S11 - Session P2 - Molecular analysis of bud dormancy regulation by temperature in sweet cherry

Authors: Bénédicte Wenden *, Mathieu Fouché, Hélène Christmann, Xavier Lafon, Armel Donkpegan

Over the past decades, climate change has already led to a higher frequency of mild winters. In particular, the rising temperatures impact winter dormancy, a resting period which is a key step of the tree life cycle, preventing growth under unfavorable conditions. Indeed, the lack of chilling temperatures during dormancy can cause flowering defaults such as bud necrosis whereas the mild temperatures at the end of winter lead to early flowering, desynchronization with pollinators and a higher risk of frost damages.

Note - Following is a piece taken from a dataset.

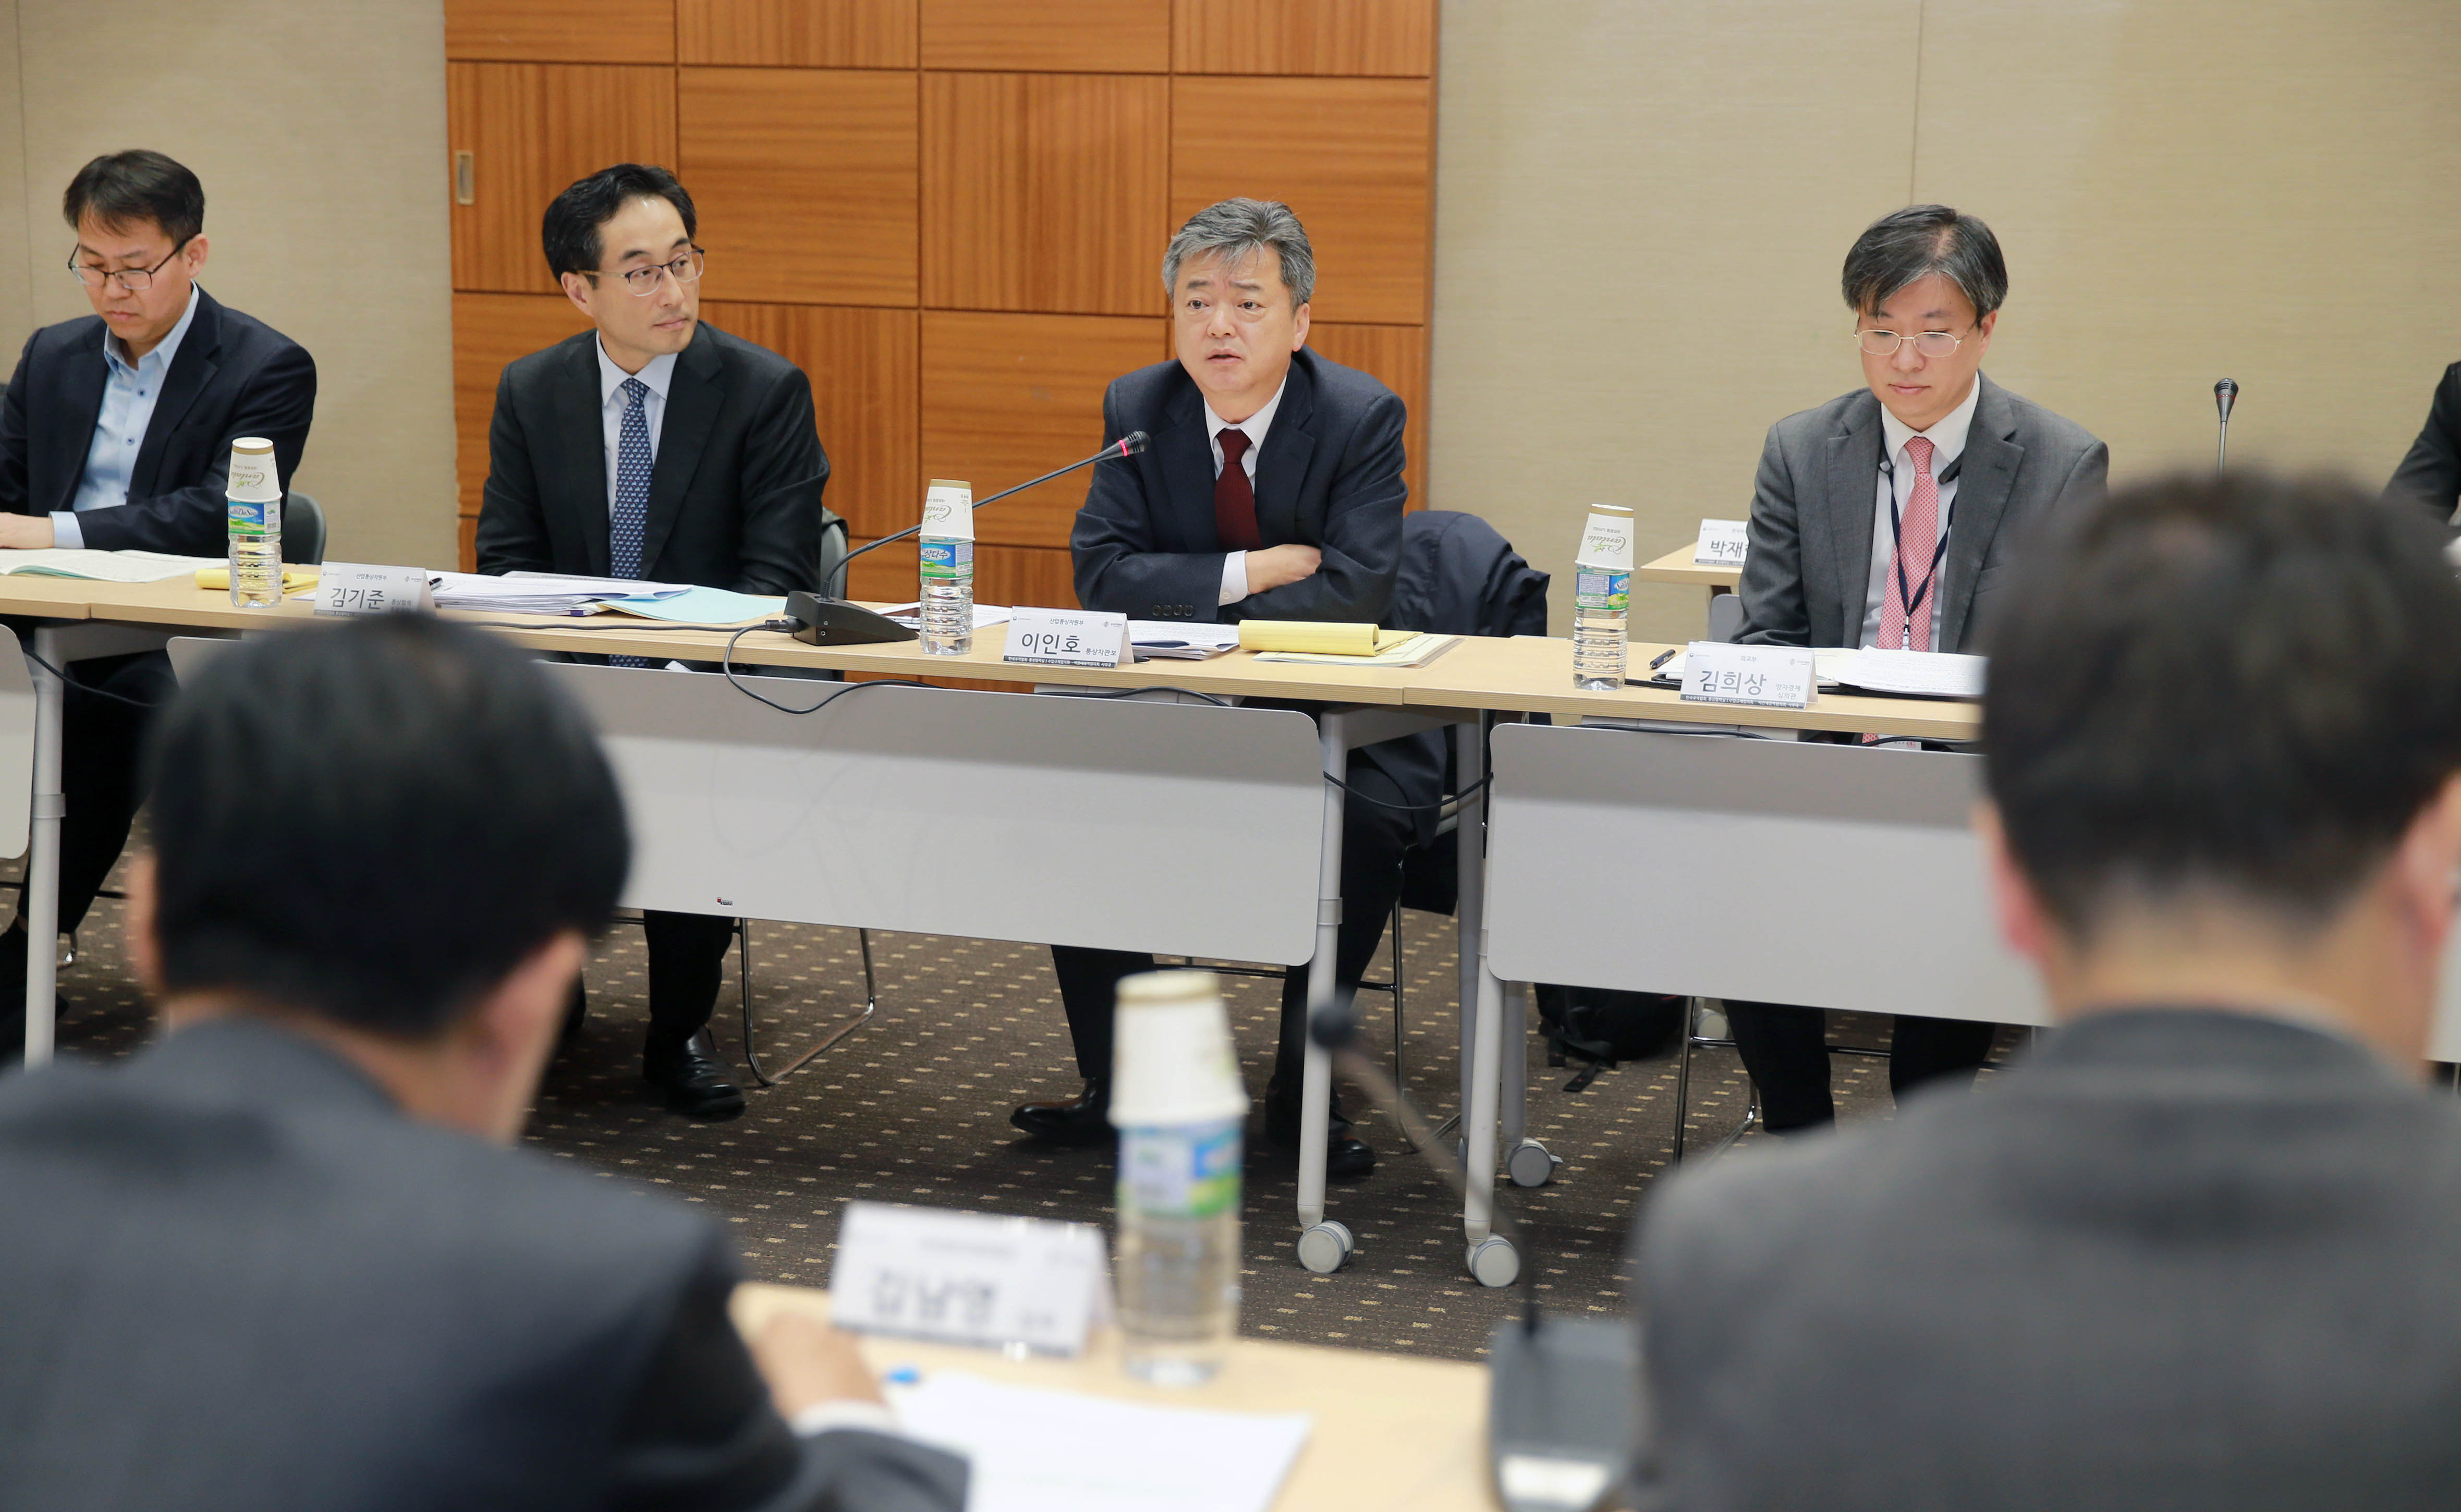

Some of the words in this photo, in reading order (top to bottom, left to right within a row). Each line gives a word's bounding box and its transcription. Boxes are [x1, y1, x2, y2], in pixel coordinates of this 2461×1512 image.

These effects of mild temperatures will contribute to a decrease in fruit production and could have a major economic impact. Sweet cherry trees, in particular, are very sensitive to temperatures; therefore their production is greatly threatened by climate change. In order to better anticipate the effects of future climatic conditions on sweet cherry cultivation, it is necessary to better understand how dormancy is regulated under constrained temperatures. We investigated the effect of warm temperatures on sweet cherry trees during dormancy onset and maintenance, using both phenological observations and molecular analyses. Potted trees of the sweet cherry cultivar 'Regina' were submitted to cold deprivation from July to March, under long days and short days in order to separate the effect of temperature and photoperiod. We recorded the phenological observations through the entire cycle of seasons. Moreover, we performed global transcriptomic analysis using RNA Seq on bud tissues sampled throughout the temperature and photoperiod treatments, in order to highlight candidate genes that are regulated by temperatures during dormancy progression. Our results show that cold deprivation induces a marked delay in the flowering date, and strongly affects the expression patterns of dormancy candidate genes. Further analyses will allow the identification of genes and physiology pathways that are involved in response to temperature.